Stefano Camilli, nel 1840, scrive: “Fin dall’epoca delle Crociate fu in Viterbo destinato un locale che servisse di alloggio ai Pellegrini che si recavano in terra santa. Questo locale, che conserva in oggi il nome di Spedale de’ Pellegrini riceve  e dà asilo a poveri viandanti specialmente, che si recano alla visita de’ Santuarj”. 

Alla fine dell’Ottocento era adibito a pubblico dormitorio per i poveri privi di dimora, iniziativa presa dal sindaco Giuseppe Bazzichelli, sindaco di Viterbo nel 1861. Nel 1923, il proprietario dell’ex ospizio, Giuseppe Pincellotti, ottenne l’autorizzazione per la ristrutturazione della casa sopraelevandola, aprendo sulla facciata una loggia e varie finestre con buona pace di Guido e Diletta. 

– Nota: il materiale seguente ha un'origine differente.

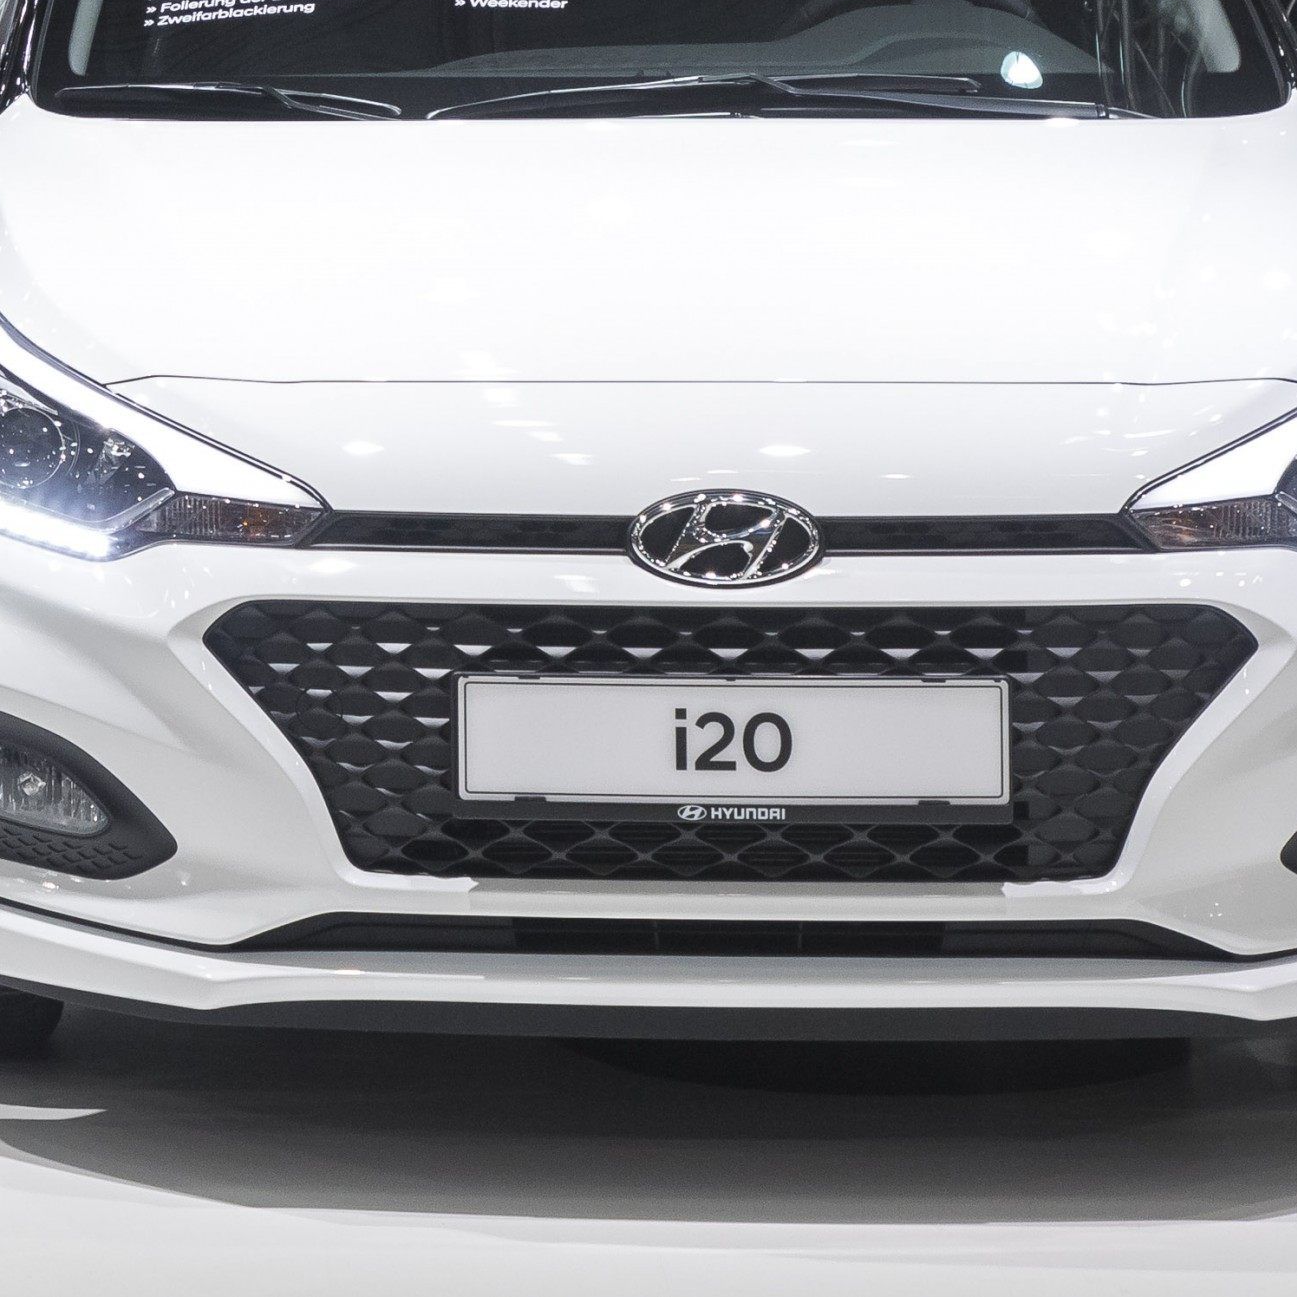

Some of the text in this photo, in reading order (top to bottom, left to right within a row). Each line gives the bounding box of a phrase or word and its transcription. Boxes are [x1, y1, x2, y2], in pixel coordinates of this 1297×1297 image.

[156, 2, 316, 27] Zweifarblackierung
[674, 707, 793, 773] i20
[710, 806, 786, 821] HYUNDAI
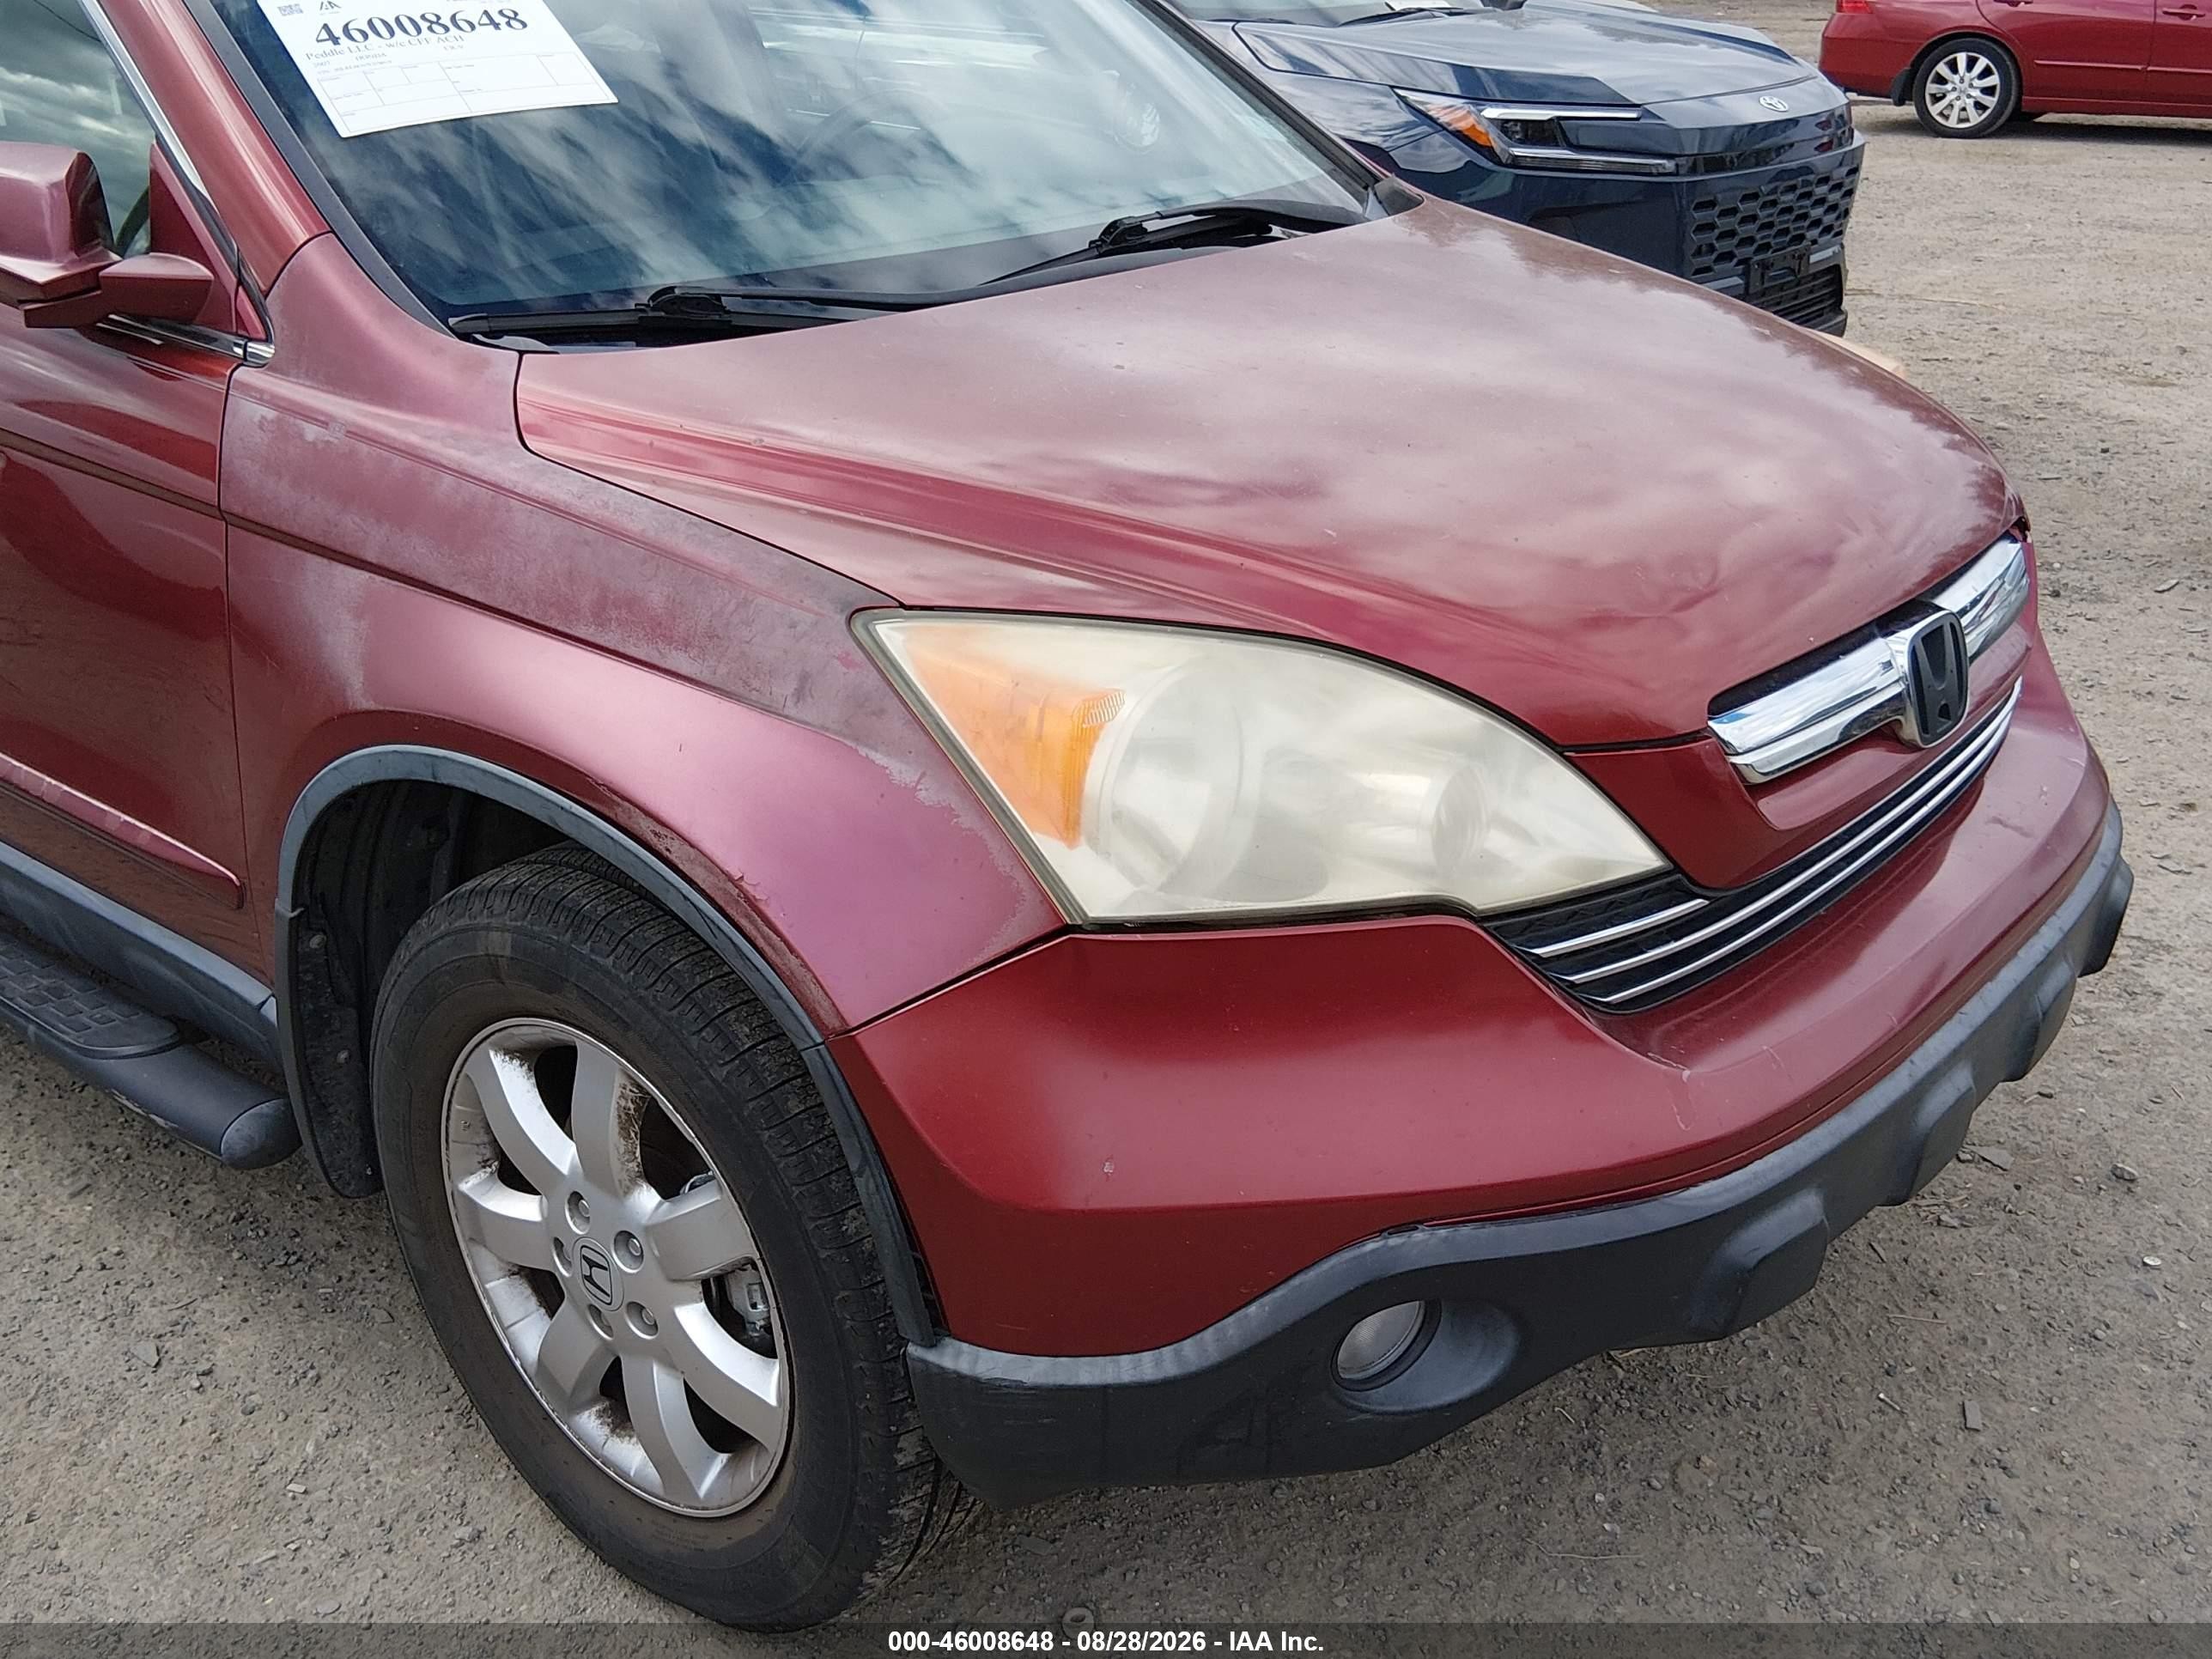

Ecco il testo in italiano dell’epigrafe:

Io Guido e mia moglie Diletta per la redenzione dell'anima nostra, dei nostri parenti e di tutti i fedeli, doniamo questa casa per farne un ospizio dei pellegrini con ogni sua dipendenza ai servi dei servi di Dio, in perpetuo, senza nessuna restrizione. 

Nessun vescovo, o abate, o altra persona, abbia potere di disporre o asportare alcunché da questo luogo, senza il parere di tutti i chierici e laici maggiori e minori di questa città. 

Se alcuno vorrà fare altrimenti, sia maledetto da Dio onnipotente, dalla beata Vergine Maria, dagli angeli, dagli apostoli e da tutti i santi e sia condannato insieme a Giuda, Pilato, Anna, Caifa, Dathan, Abiron, Erode e tutti quelli che dissero al Signore Iddio allontanati da noi fiat, fiat. 

Ordiniamo poi a chi possiederà questa casa che secondo la loro possibilità celebrino la festa della Vergine Maria e di san Giovanni Evangelista.